A new study by Nasa It showed that the eruption of the Tonga volcano, one of the most powerful ever recorded on Earth, expelled so much water vapor into the atmosphere that it could temporarily heat the Earth’s surface.
Scientists were able to establish it by analyzing satellite images of this underwater eruption that surprised the world on January 15 with a tsunami and a sonic boom that circled the planet twice.
“The submarine eruption in the South Pacific Ocean also released a huge plume of water vapor into Earth’s stratosphere, enough to fill more than 58,000 Olympic swimming pools. The large amount of water vapor could be enough to temporarily affect Earth’s global average temperature.
NASA’s Jet Propulsion Laboratory atmospheric scientist Luis Millán explained that the planet had never seen a natural phenomenon of such magnitude.

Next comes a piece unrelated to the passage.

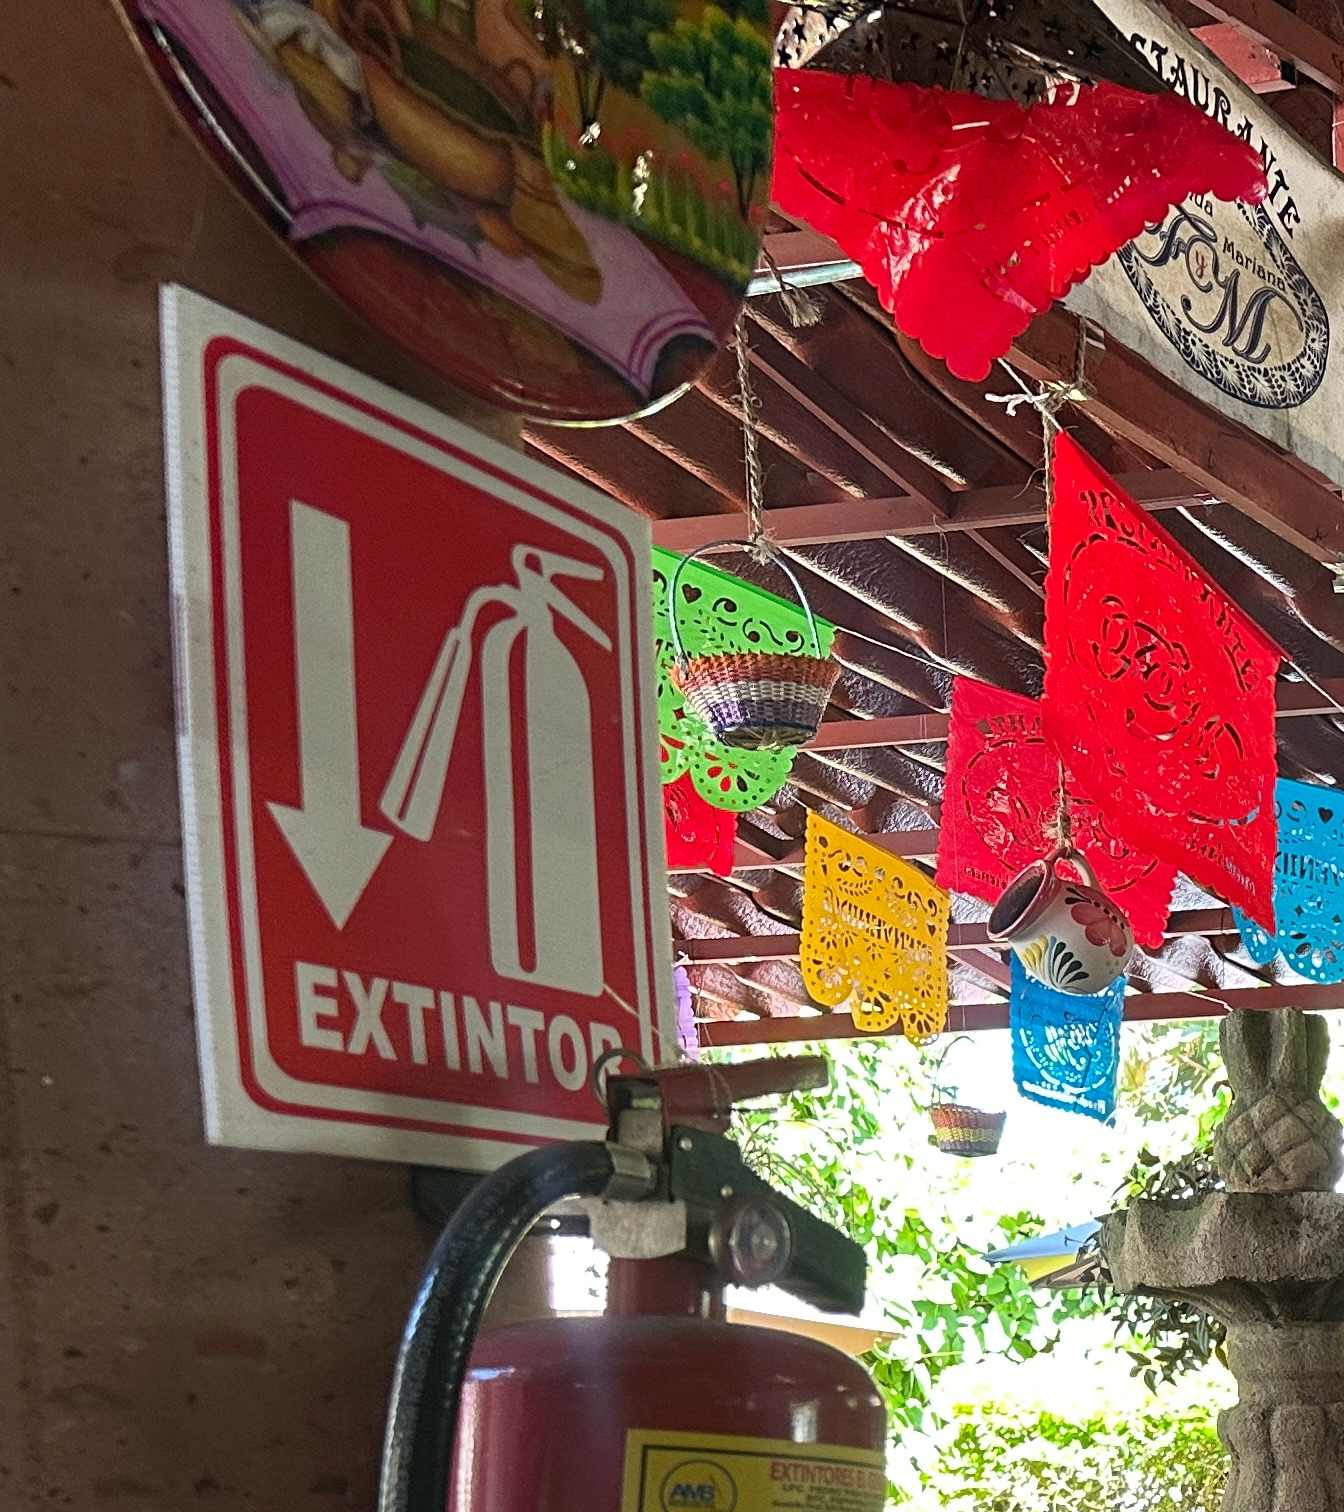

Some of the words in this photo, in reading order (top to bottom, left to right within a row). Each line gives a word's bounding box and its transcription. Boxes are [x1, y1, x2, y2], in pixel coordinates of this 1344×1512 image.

The first data establish that this eruption of the Tonga volcano injected approximately 146 teragrams (1 teragram equals one thousand billion grams) of water vapor into the Earth’s stratosphere, a figure equivalent to 10% of the water already present in this layer. of the atmosphere.
What effects could this have?
NASA pointed out that volcanic eruptions very rarely inject much water into the stratosphere and that is why when analyzing data from this underwater eruption, they were surprised.
Appreciable amounts of water vapor sent by eruptions into the atmosphere have only been recorded twice, experts said: the 2008 Kasatochi event in Alaska and the 2015 Calbuco eruption in Chile.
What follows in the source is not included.